> EXERCISE REQUIREMENTS: Please give the entries again in full and exactly, without any picture.

> AVAILABLE RECORDS:
--------
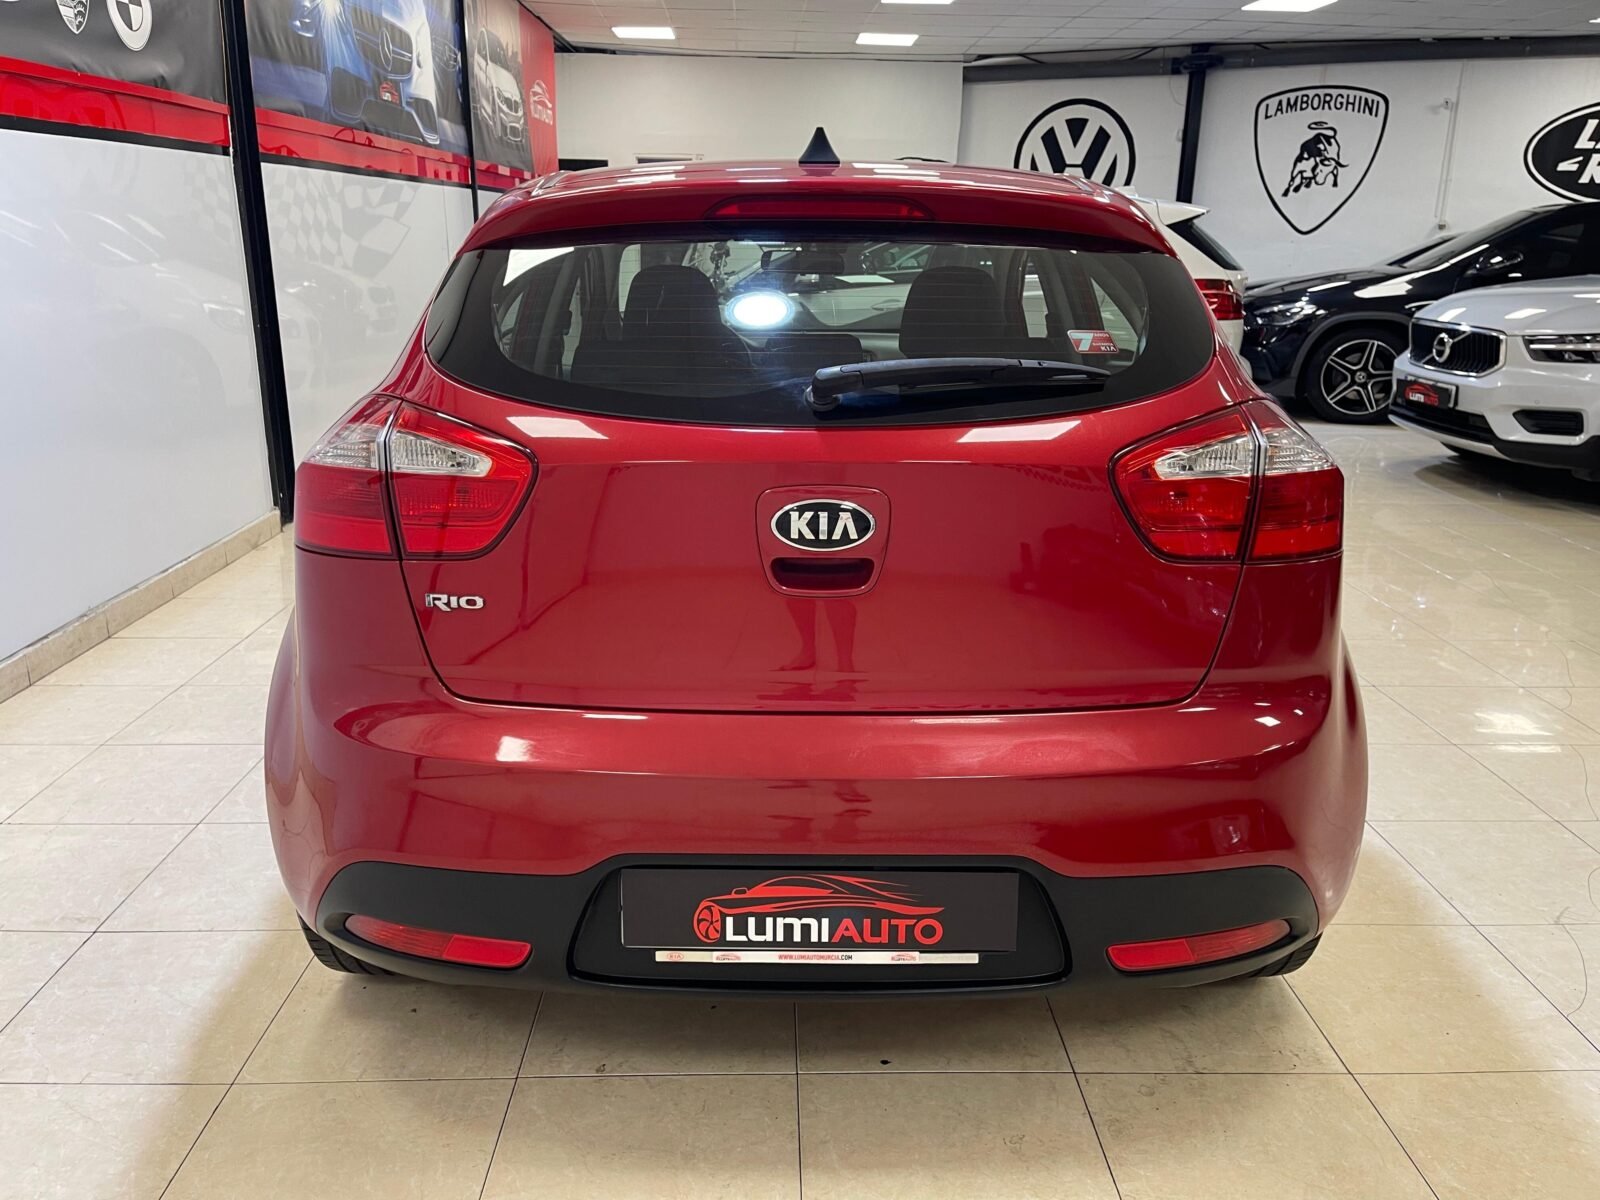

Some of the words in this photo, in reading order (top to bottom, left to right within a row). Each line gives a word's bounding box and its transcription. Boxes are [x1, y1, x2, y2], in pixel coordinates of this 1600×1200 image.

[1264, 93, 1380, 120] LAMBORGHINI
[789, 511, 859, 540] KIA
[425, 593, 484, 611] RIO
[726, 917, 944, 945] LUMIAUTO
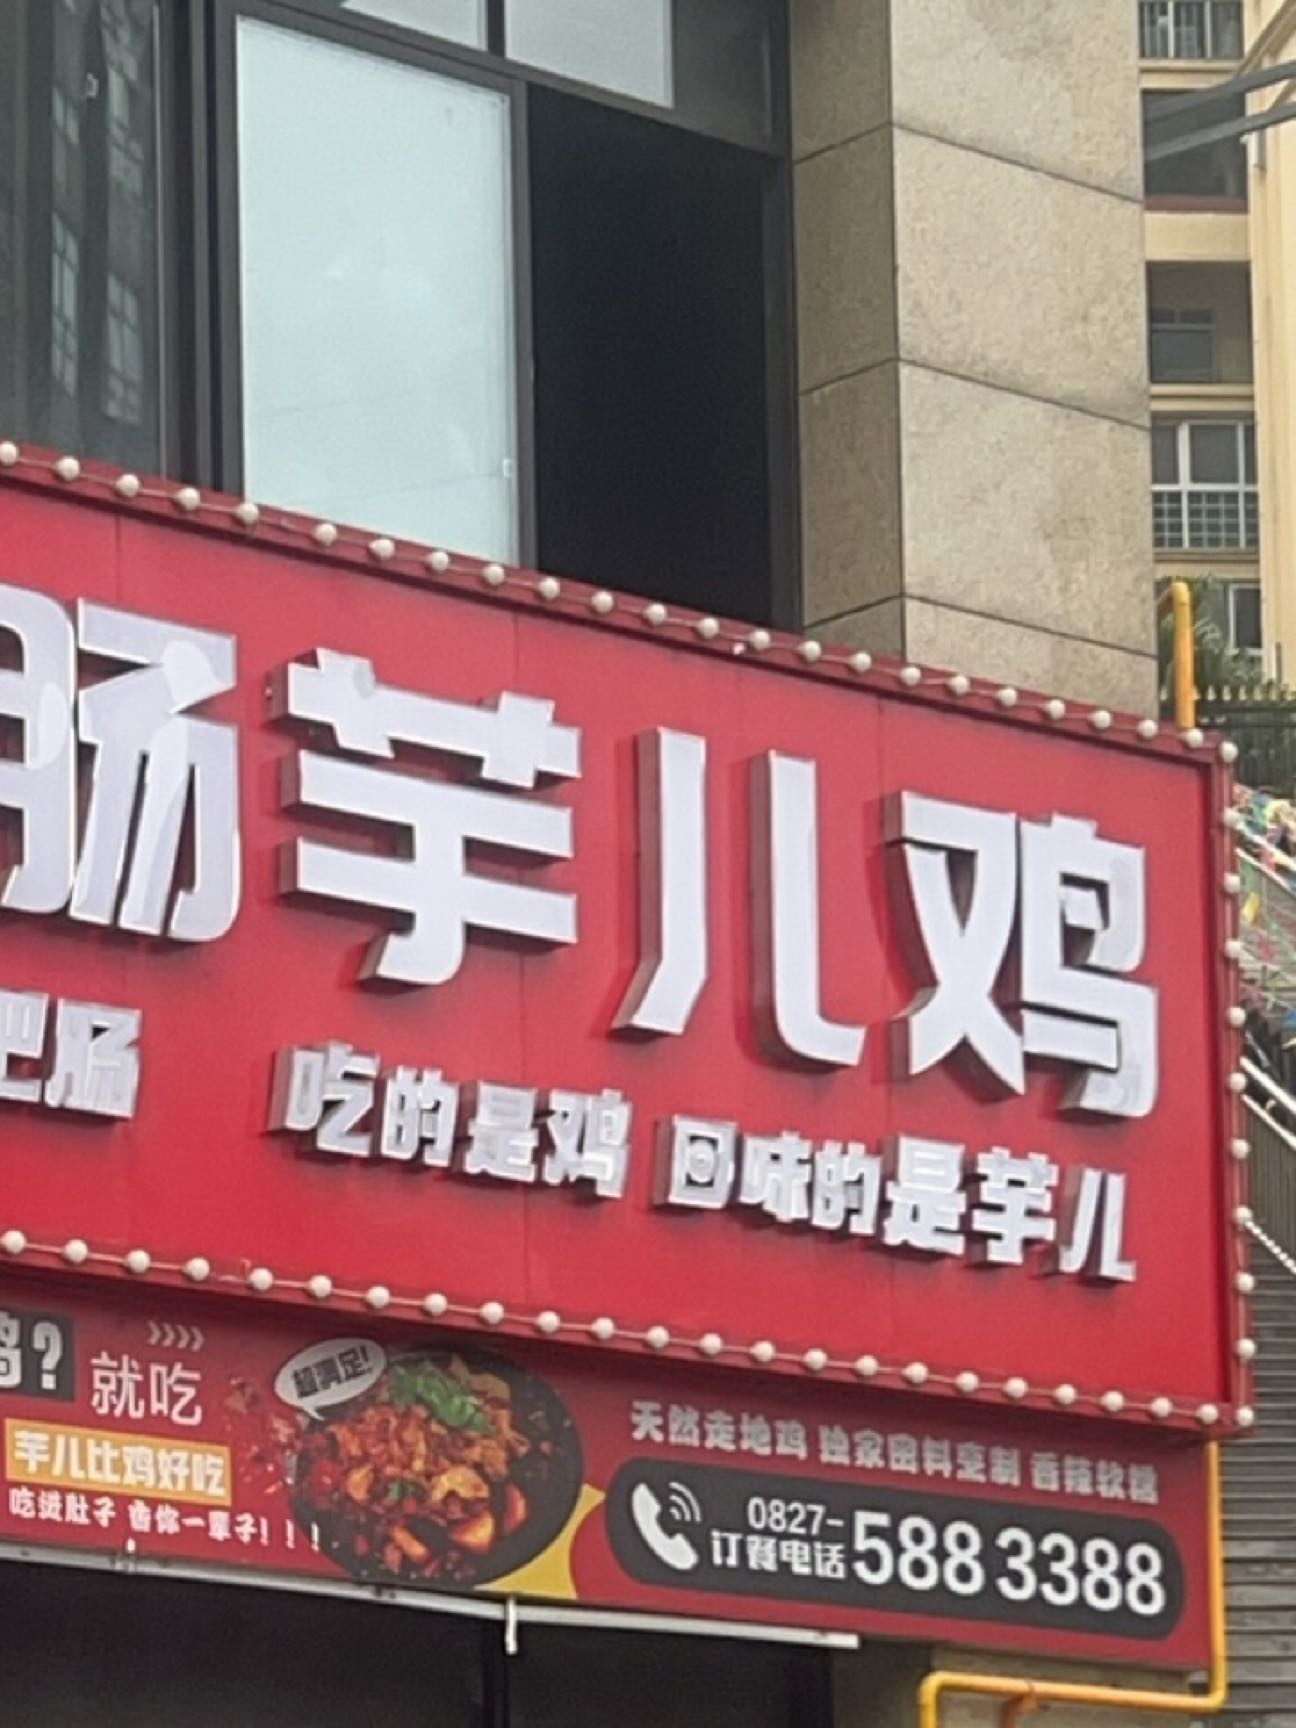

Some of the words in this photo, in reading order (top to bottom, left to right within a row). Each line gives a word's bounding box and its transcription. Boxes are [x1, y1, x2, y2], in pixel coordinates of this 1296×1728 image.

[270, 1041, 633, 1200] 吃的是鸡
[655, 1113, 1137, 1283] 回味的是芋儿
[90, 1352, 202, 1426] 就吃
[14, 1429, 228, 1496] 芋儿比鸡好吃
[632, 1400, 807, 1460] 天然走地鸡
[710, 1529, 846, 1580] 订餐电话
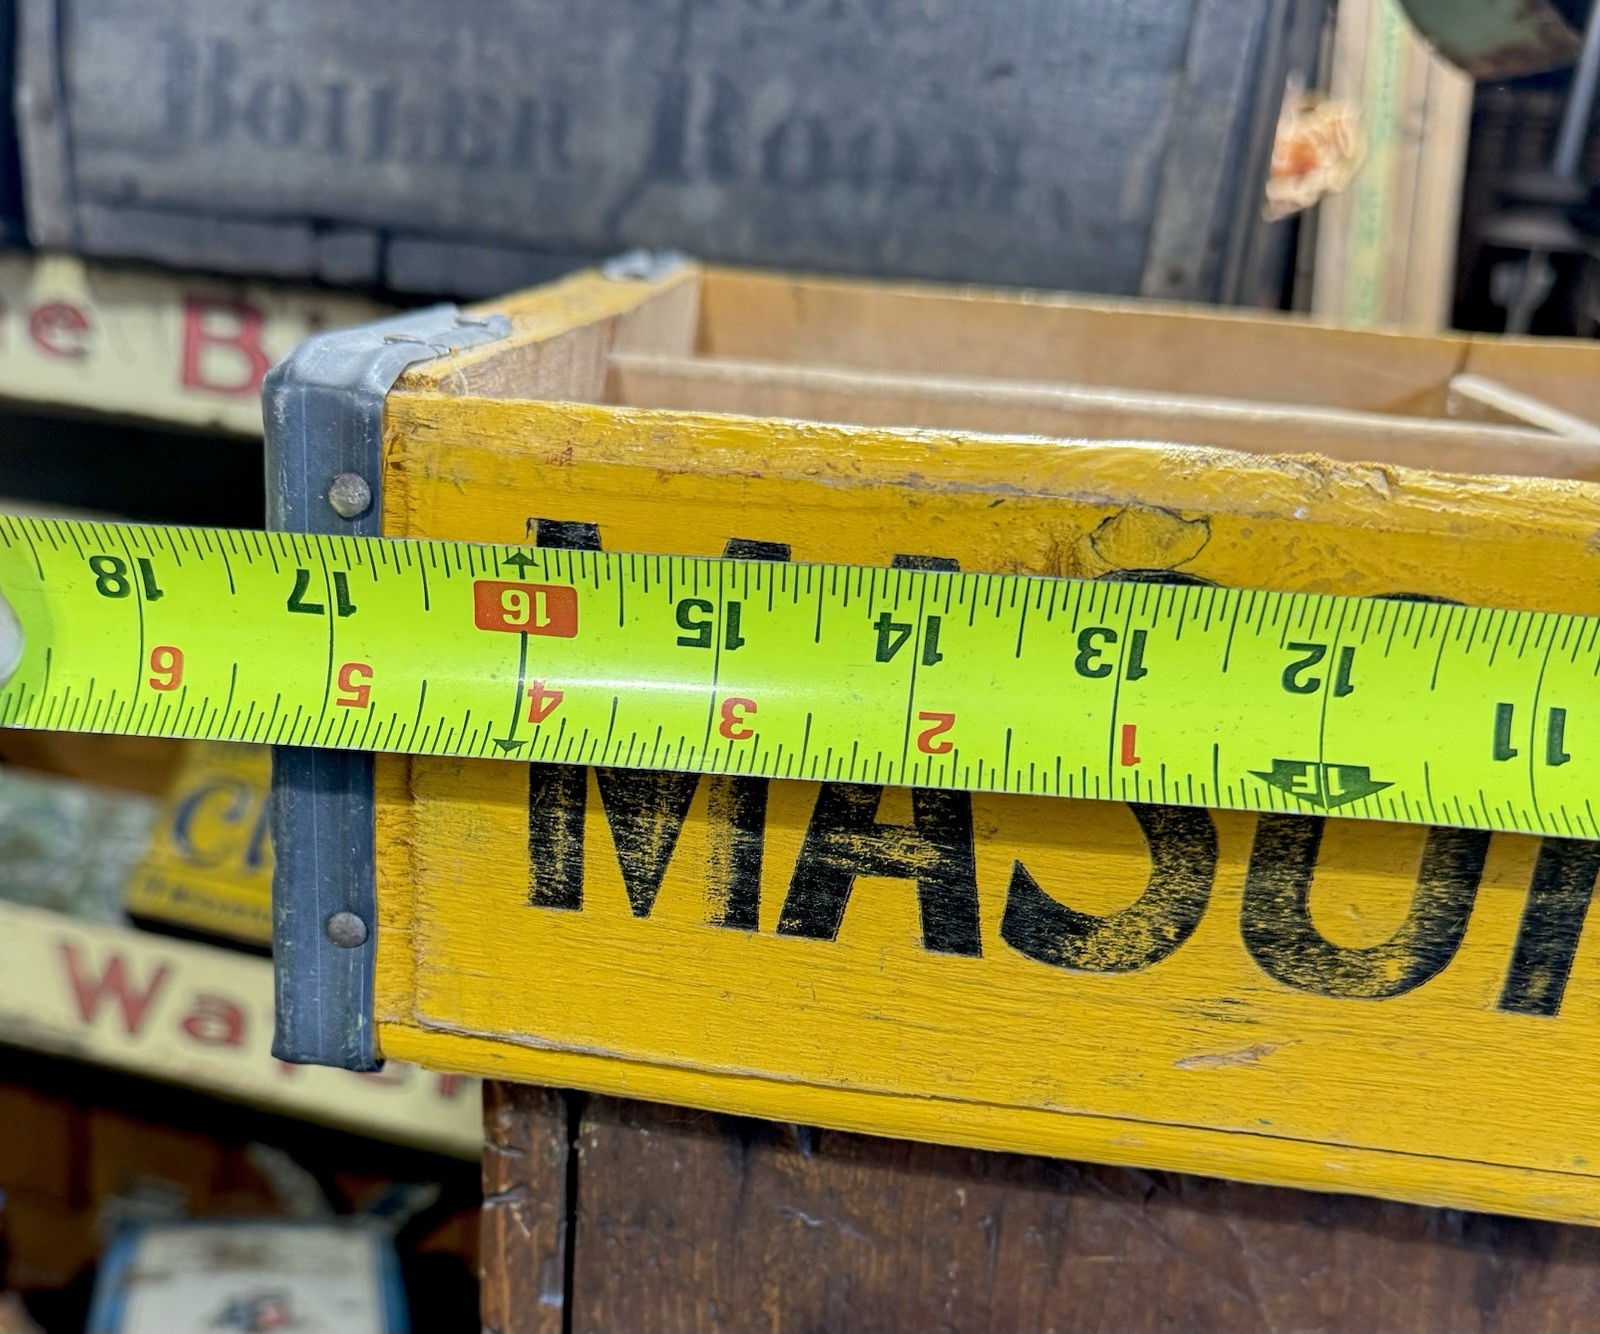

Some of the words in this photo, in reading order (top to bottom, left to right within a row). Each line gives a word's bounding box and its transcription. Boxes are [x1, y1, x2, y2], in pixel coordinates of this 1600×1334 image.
--------
> RESULT OF THE EXERCISE:
Some of the words in this photo, in reading order (top to bottom, left to right within a row). Each line gives a word's bounding box and its transcription. Boxes are [x1, y1, x2, y2], in pixel coordinates of this 1600×1200 image.

[1264, 93, 1380, 120] LAMBORGHINI
[789, 511, 859, 540] KIA
[425, 593, 484, 611] RIO
[726, 917, 944, 945] LUMIAUTO

Some of the words in this photo, in reading order (top to bottom, left to right within a row). Each line gives a word's bounding box and its transcription. Boxes are [x1, y1, x2, y2], in pixel coordinates of this 1296×1728 image.

[270, 1041, 633, 1200] 吃的是鸡
[655, 1113, 1137, 1283] 回味的是芋儿
[90, 1352, 202, 1426] 就吃
[14, 1429, 228, 1496] 芋儿比鸡好吃
[632, 1400, 807, 1460] 天然走地鸡
[710, 1529, 846, 1580] 订餐电话

Some of the words in this photo, in reading order (top to bottom, left to right within a row). Each line gives a word's bounding box and its transcription. Boxes are [x1, y1, x2, y2], in pixel coordinates of this 1600×1334 image.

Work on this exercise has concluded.